┌──

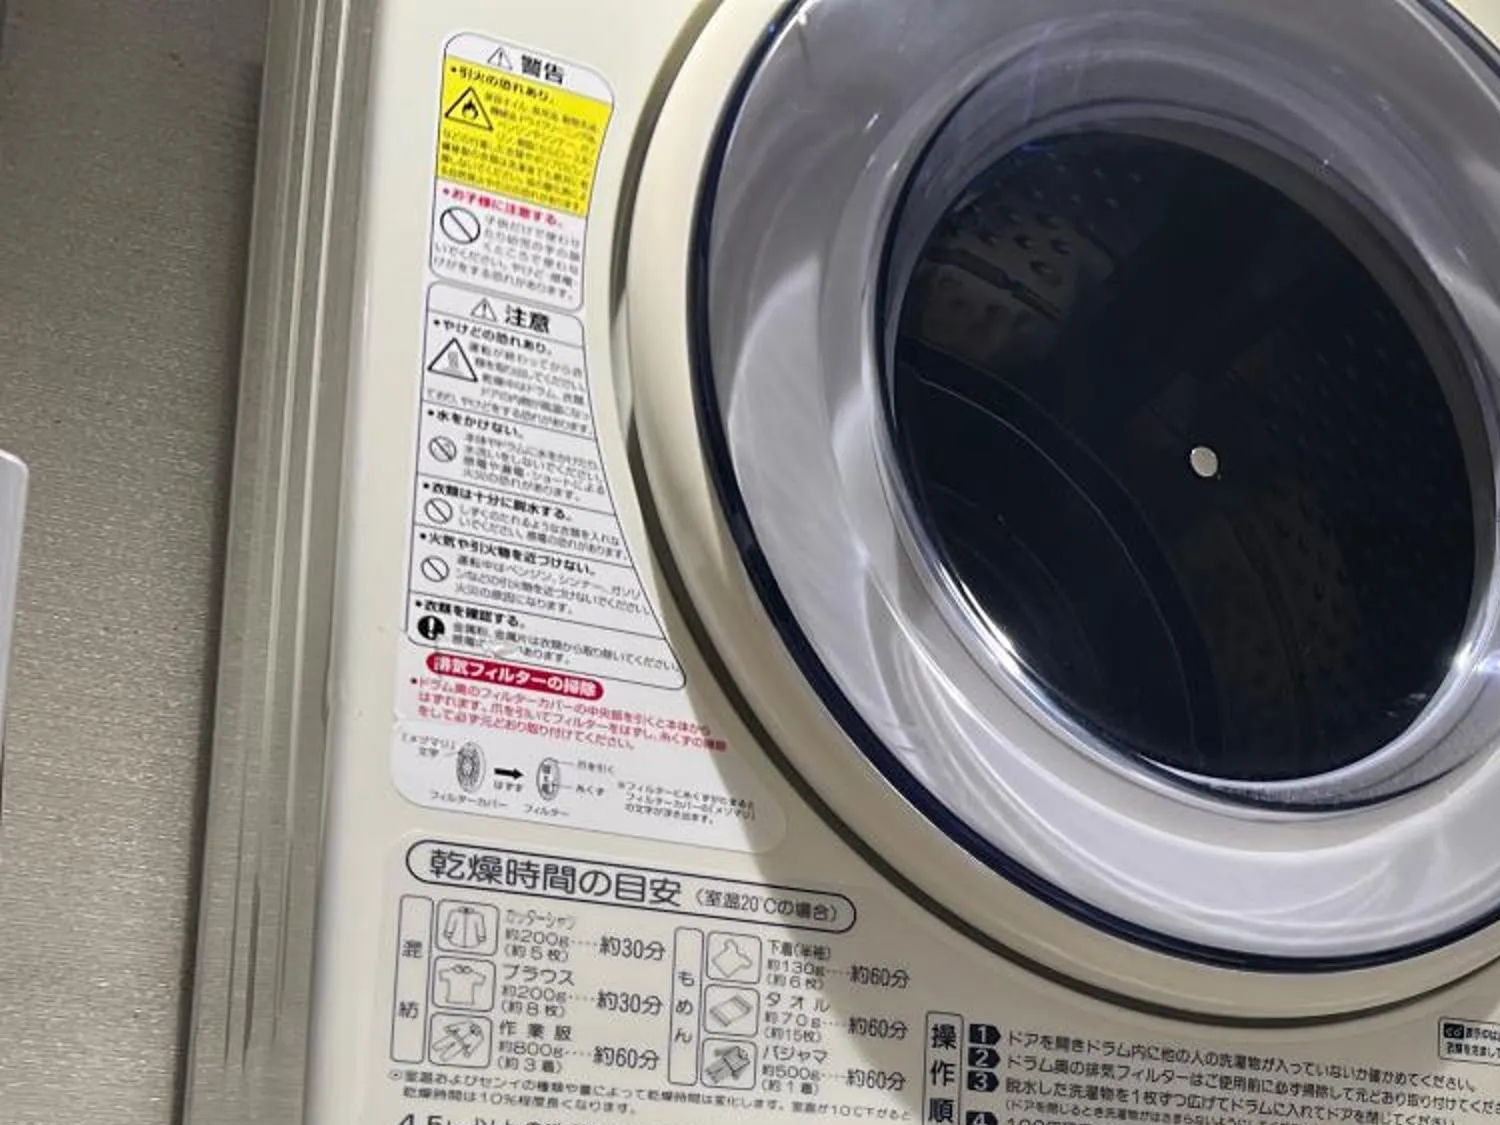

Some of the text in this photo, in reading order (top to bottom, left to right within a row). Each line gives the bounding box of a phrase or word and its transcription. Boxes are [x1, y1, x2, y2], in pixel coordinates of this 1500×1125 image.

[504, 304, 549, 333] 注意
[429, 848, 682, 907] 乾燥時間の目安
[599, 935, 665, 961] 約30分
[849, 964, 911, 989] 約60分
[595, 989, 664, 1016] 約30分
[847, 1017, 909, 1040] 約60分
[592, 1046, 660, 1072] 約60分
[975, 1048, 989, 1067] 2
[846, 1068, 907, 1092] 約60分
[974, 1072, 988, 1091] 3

└──

* _Action item_
Write the entries above out again exactly, but not the pictures.

* _Task output_
Some of the text in this photo, in reading order (top to bottom, left to right within a row). Each line gives the bounding box of a phrase or word and its transcription. Boxes are [x1, y1, x2, y2], in pixel coordinates of this 1500×1125 image.

[504, 304, 549, 333] 注意
[429, 848, 682, 907] 乾燥時間の目安
[599, 935, 665, 961] 約30分
[849, 964, 911, 989] 約60分
[595, 989, 664, 1016] 約30分
[847, 1017, 909, 1040] 約60分
[592, 1046, 660, 1072] 約60分
[975, 1048, 989, 1067] 2
[846, 1068, 907, 1092] 約60分
[974, 1072, 988, 1091] 3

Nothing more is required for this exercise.